Dr. Peter Schneider, the medical chief, opposes to experimenting this idea. He is even opposed to the idea of his young student experimenting on himself.
A nurse becomes an accomplice
Two weeks later, with the help of a nurse who he slowly convinced of the validity of his idea, he goes ahead with his experimentation.
The nurse, Gerda Ditzen, gives him the essential elements for his experimentation. She provides him with a scalpel, a local anesthetic and a urinary catheter more commonly known as the "urinary catheter".
He introduces into himself a urinary catheter into a vein
He finds himself in an empty room. Dr. Forssman ties his nurse to a bed to make sure she will not let him down. He managed to introduce this “urinary catheter” into his own vein in his arm.
Then, nothing happens. No arrhythmia, no ventricular defibrillation, no loss of consciousness, nothing!
An X-ray of the lungs proves everything.
A mixed reaction from the chef
Faced with the facts, Dr. Schneider does not know what attitude to adopt. His resident disobeyed, but nothing serious happened. Maybe it's even a discovery?
A rather cold reception
Dr. Forssman publishes his result in a German medical journal in 1929. The results are disappointing. There is little interest in his discovery. On the contrary, it is mentioned that this is of no value and that in addition this technique has a huge potential risk.
German cardiology closes the door definitively on this idea.
Dr. Forssman will leave cardiology to become an urologist.
The idea retaken and improved
At the climax of the Second World War, Dr. André Cournand and Dr. Dickson Richards took up Dr Forssman's idea. They adjusted it to the concept of measuring the pressures of the different cardiac colored chambers using X-rays as well as the measurement of the cardiac output, or the efficiency of the heart to pump the blood.
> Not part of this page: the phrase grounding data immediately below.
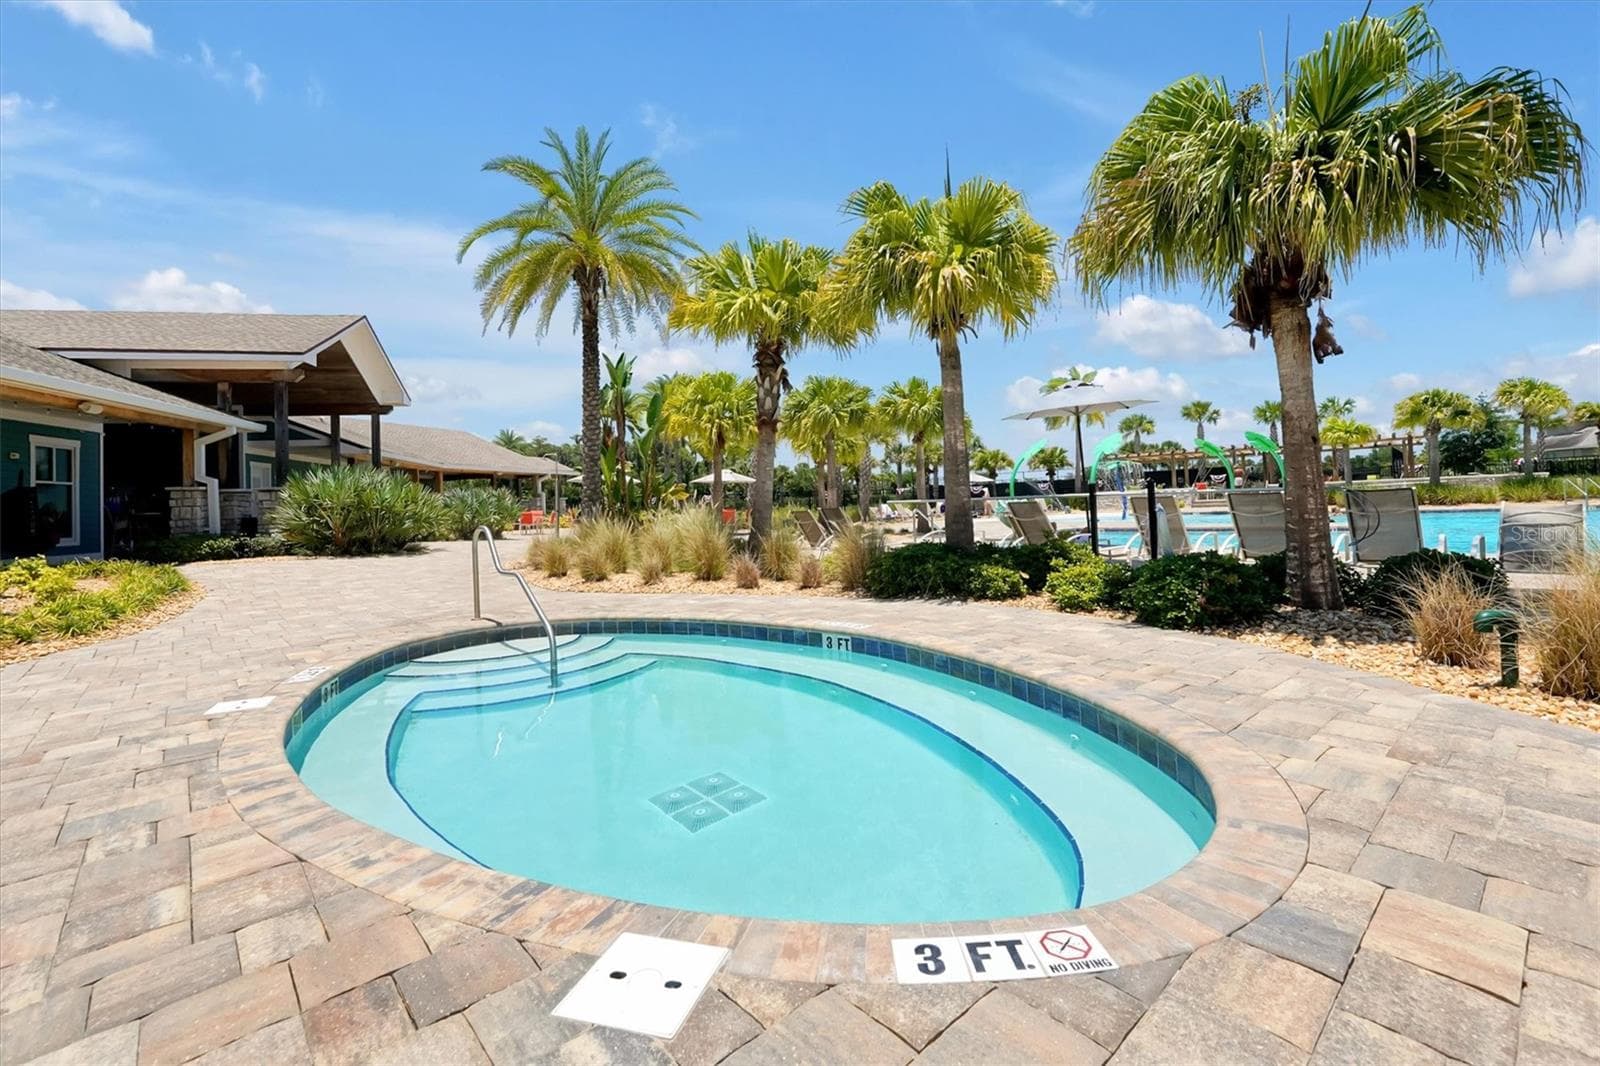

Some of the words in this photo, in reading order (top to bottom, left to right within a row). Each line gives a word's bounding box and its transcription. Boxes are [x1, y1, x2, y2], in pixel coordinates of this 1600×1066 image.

[826, 636, 833, 649] 3
[837, 638, 850, 651] FT
[914, 943, 946, 976] 3
[965, 939, 1036, 973] FT.
[1049, 963, 1068, 973] NO
[1069, 958, 1113, 971] DIVING
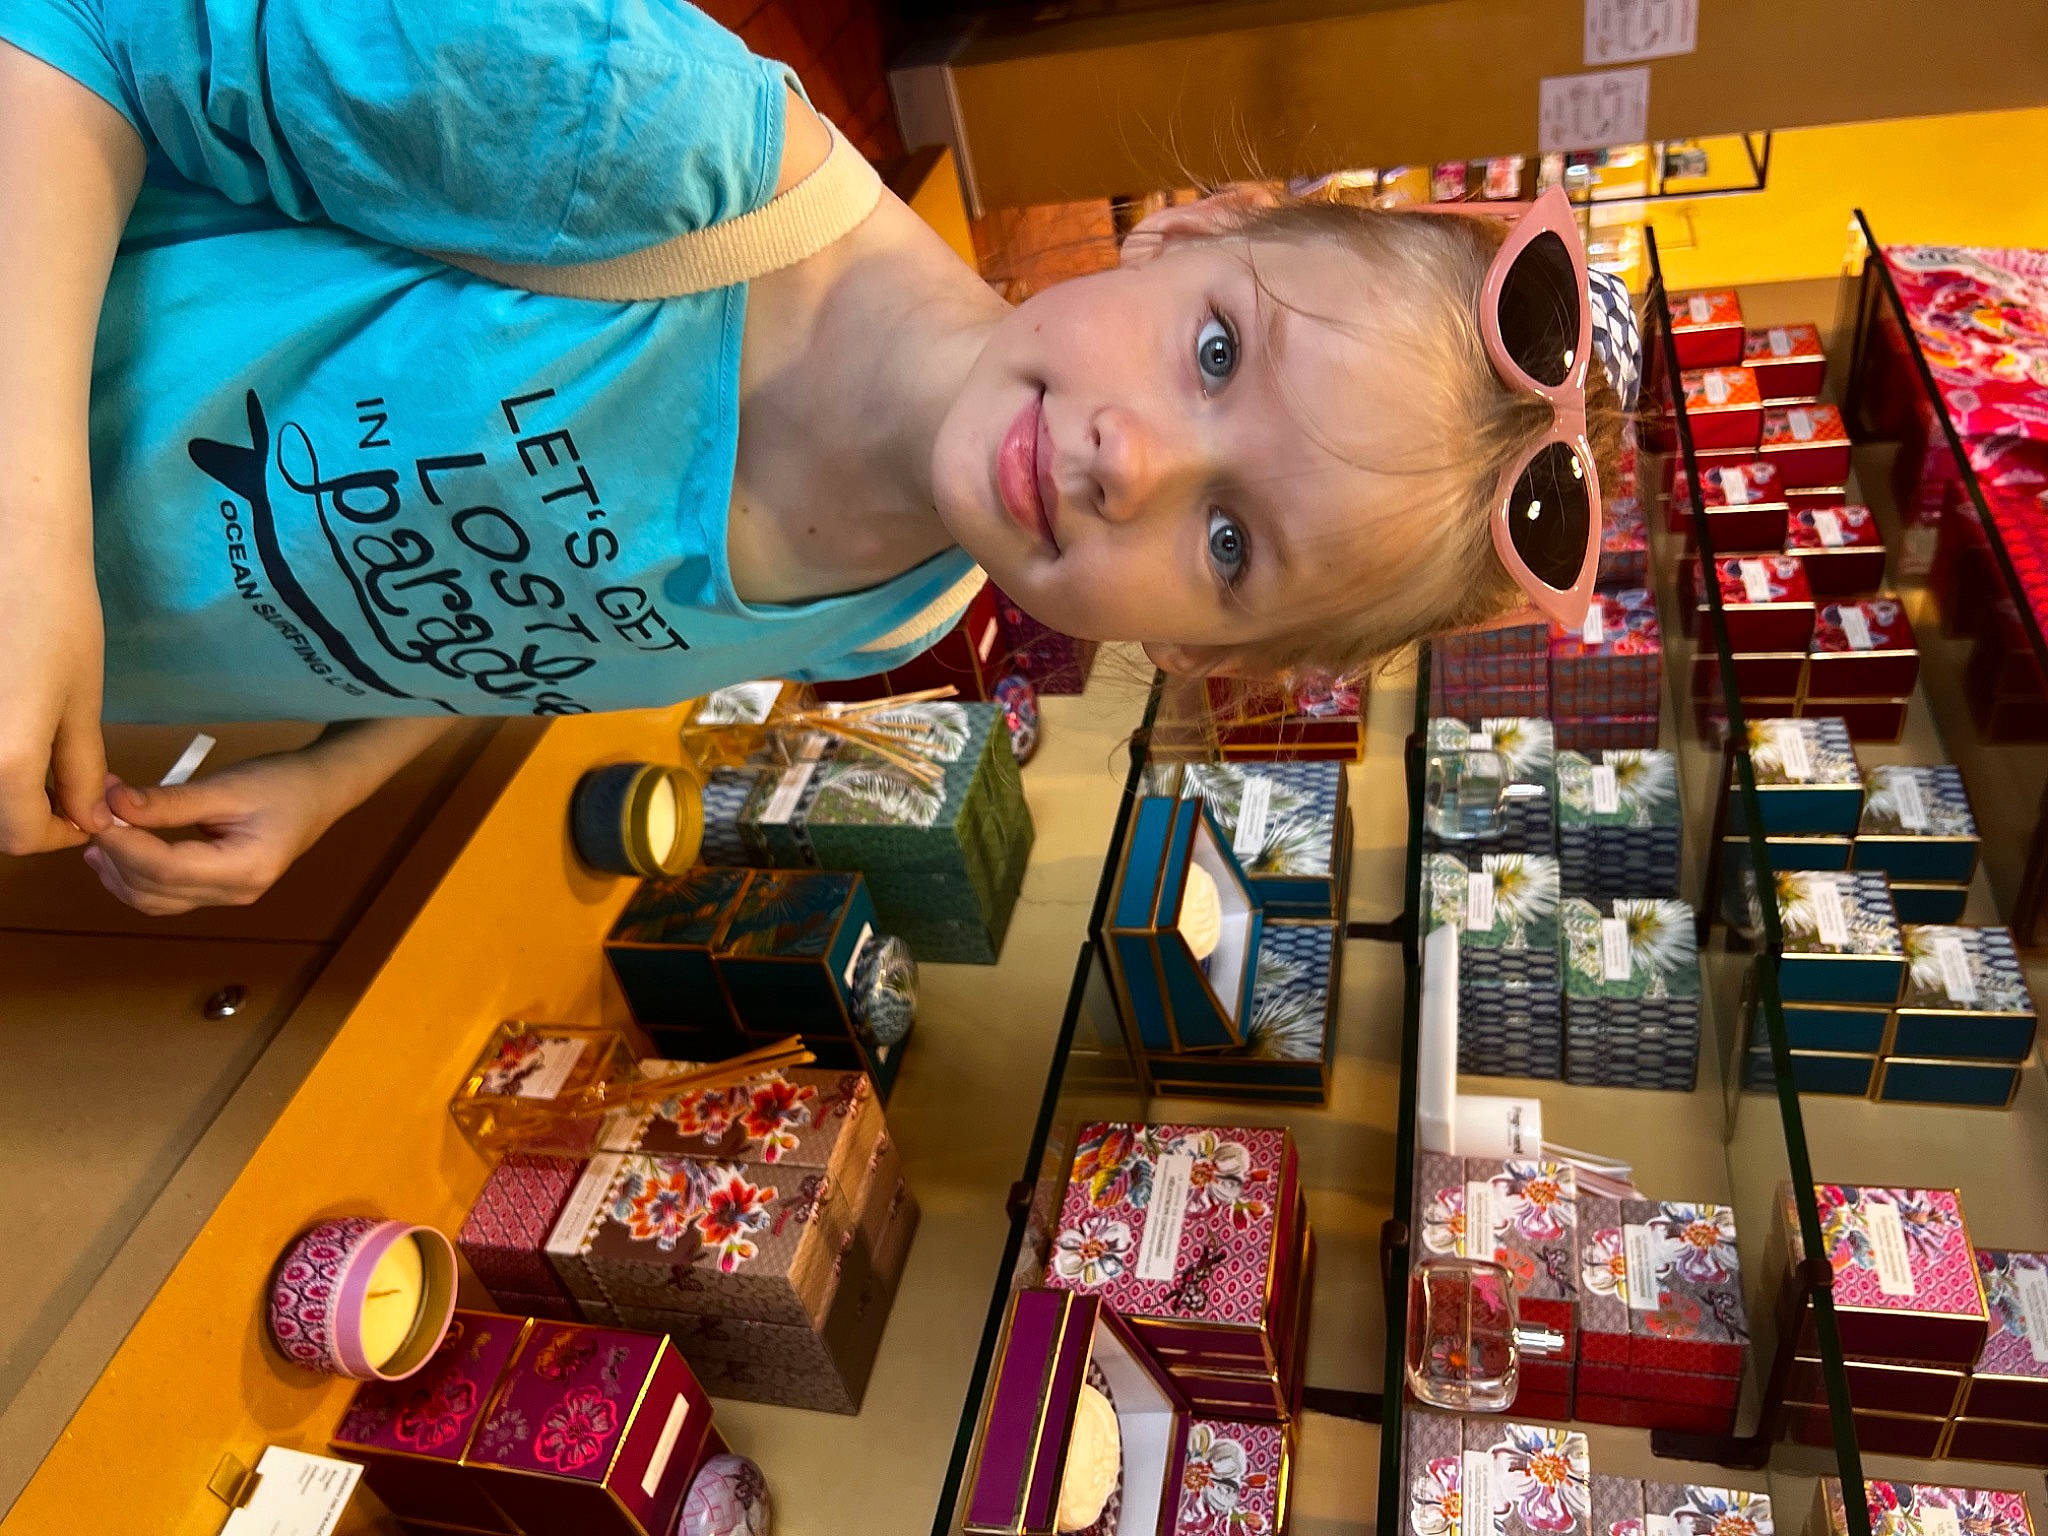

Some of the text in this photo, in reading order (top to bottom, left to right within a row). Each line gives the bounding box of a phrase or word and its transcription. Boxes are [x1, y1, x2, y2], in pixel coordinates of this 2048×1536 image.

[356, 398, 391, 449] IN
[219, 500, 263, 600] OCEAN
[252, 603, 333, 676] SURFING
[416, 452, 601, 643] LOST
[501, 388, 691, 651] LET'S GET
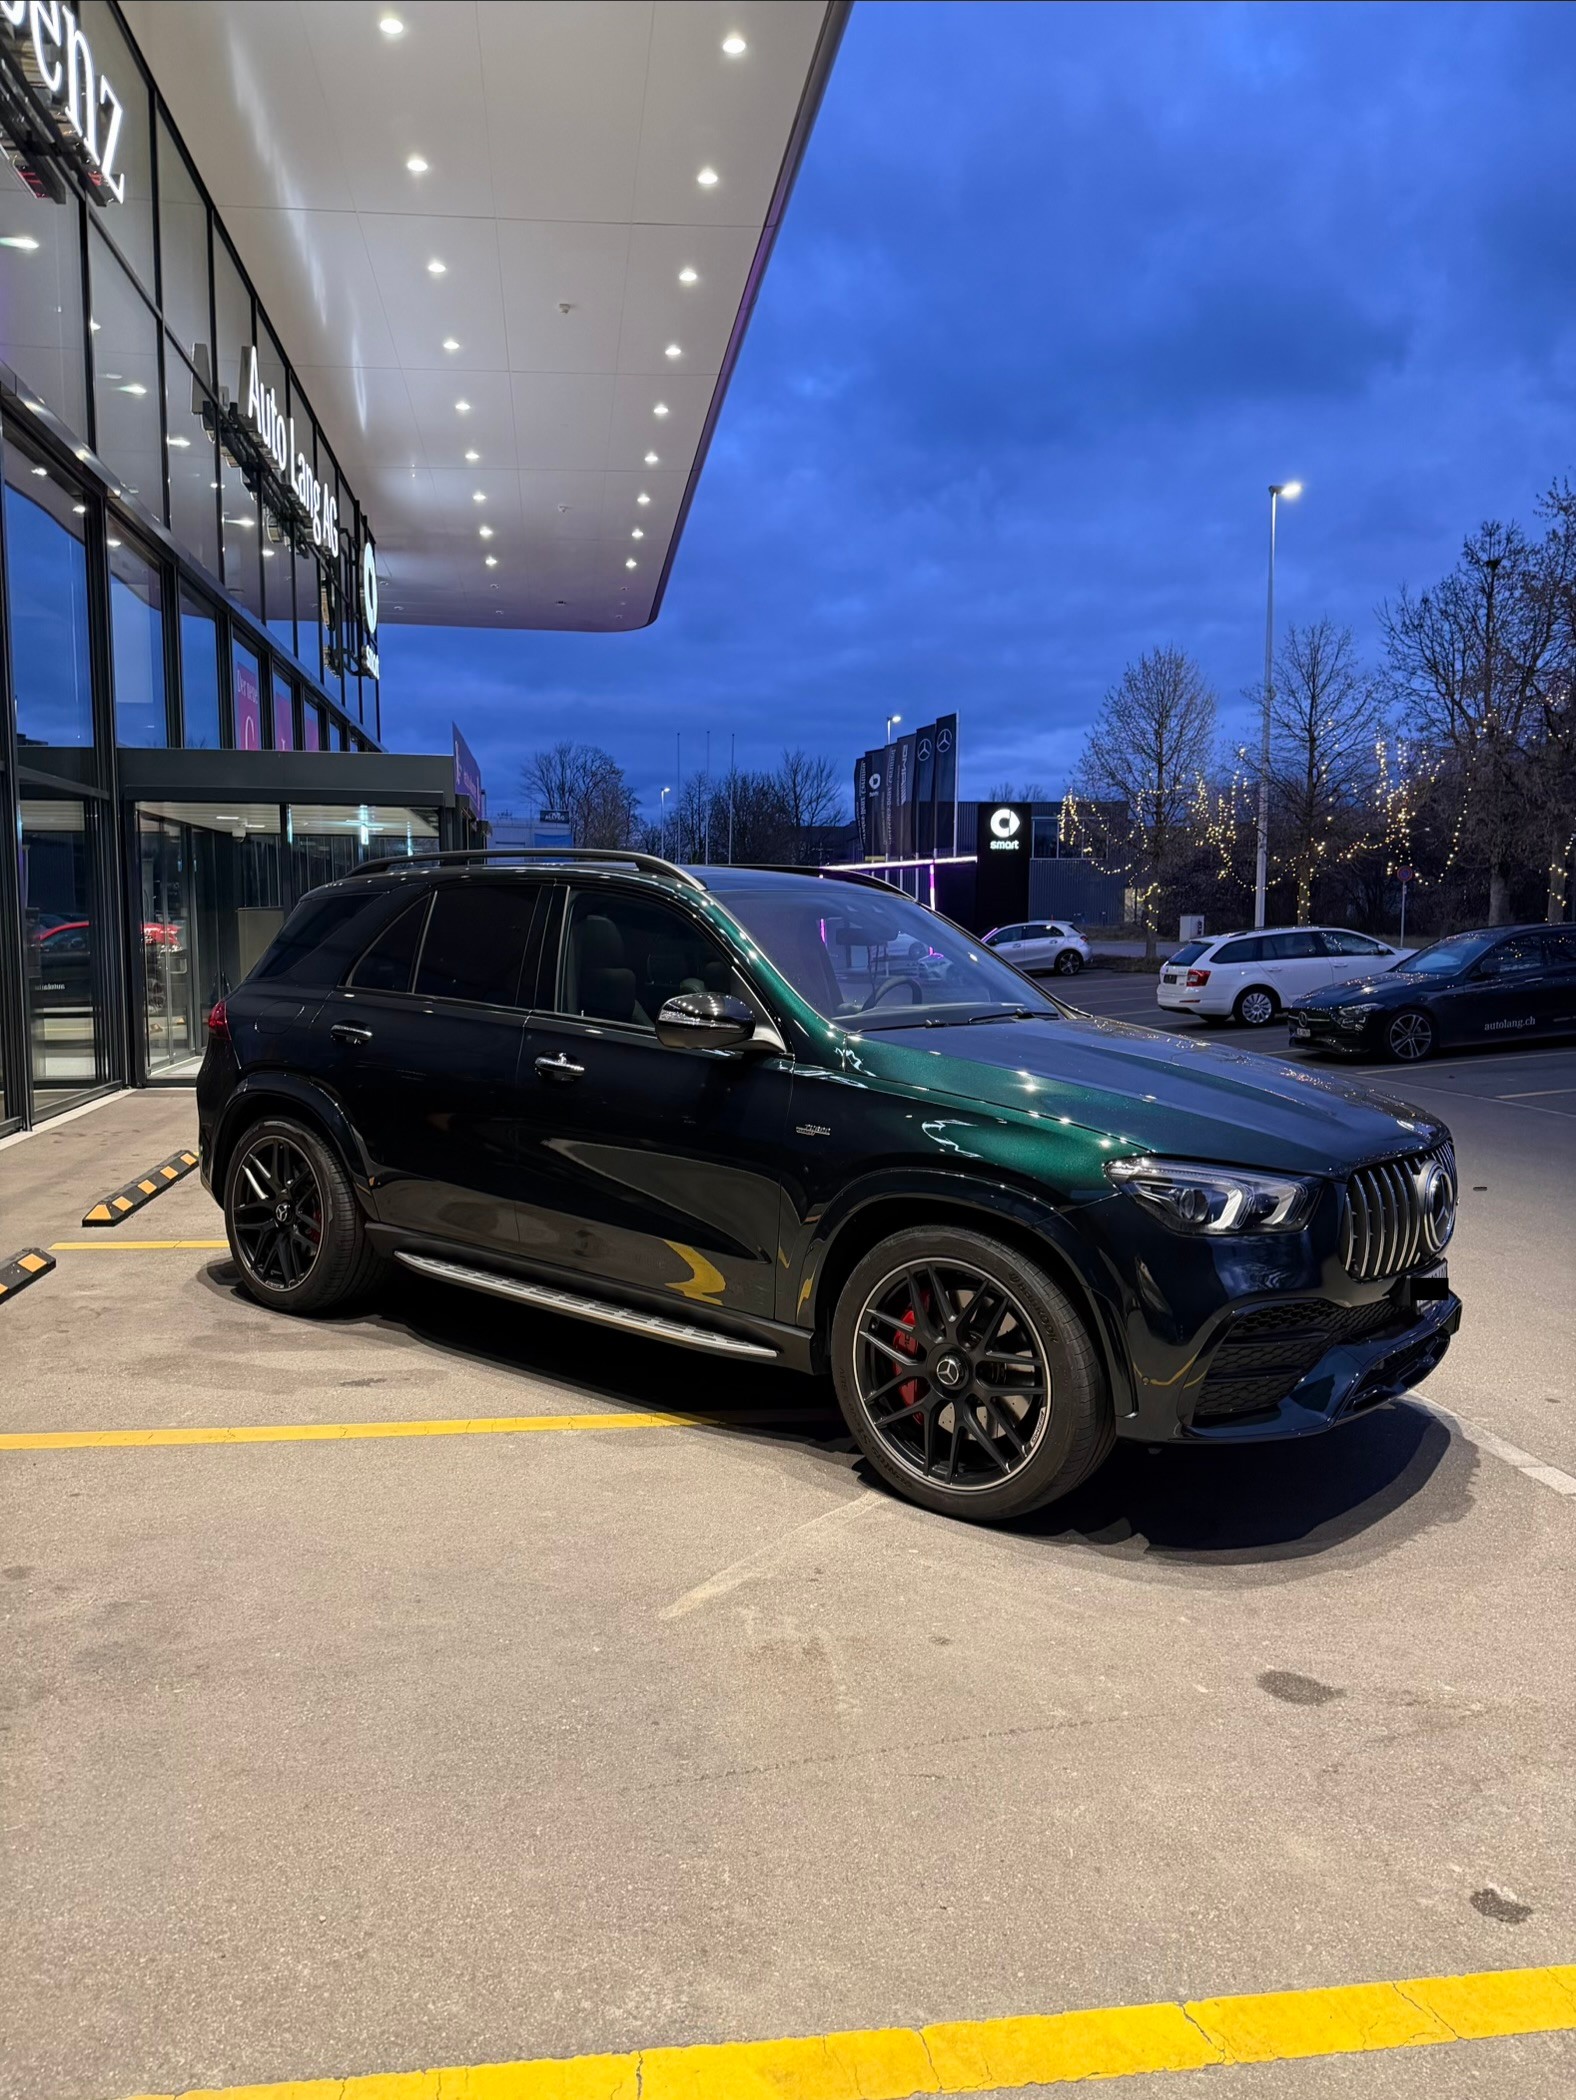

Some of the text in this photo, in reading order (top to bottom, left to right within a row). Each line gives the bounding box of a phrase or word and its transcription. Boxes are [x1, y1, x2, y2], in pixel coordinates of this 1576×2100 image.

The birth of catheterization
These measures help treat seriously injured soldiers. The war transformed a primitive idea of Dr. Forssman into a practical tool of treatment. This is the birth of cardiac catheterization.
Examination expected
With the birth of cardiac surgery that followed the Second World War, (World War II,) preoperative diagnoses became a plague. Too many deaths occur because of these errors.
Several catheterization rooms are appearing.
Today, the place where these examinations are practiced is called the hemodynamic laboratory.
Nobel prize
In 1956, Dr. Werner Forssman shared the Nobel Prize in Medicine with Dr. Cournand and Dr. Richards.
Quite the evolution
Eight years after the first mitral valve repair by Dr. Charles Bayley, the medical world had completely changed its mind about the event described by a young doctor. He had challenged the authority, coaxed a nurse to provide him with the items he could not get and tied up the same nurse while he was experimenting with his idea on himself.
From zero to hero
Not recognized by his peers at the time, Dr. Forssman gets the mention of "monumental contribution to science" when awarded his Nobel Prize.
From surgical complications
The birth of cardiac surgery and its development have highlighted catastrophic complications such as:
• The cardiac conduction block
• Ventricular fibrillation
• Preoperative misdiagnosis
Solutions are found
These deadly complications led to:
• The invention of the pacemaker or cardiac stimulator
• Defibrillators
• The development of catheterization laboratories
For the first time, we can see and understand cardiac malformations in a living patient and the impact of cardiac surgery on the cardiac function.
There is still work to be done
We still can not see the disease that causes the most heart deaths; the disease of the arteries of the heart. The problem needs to be addressed.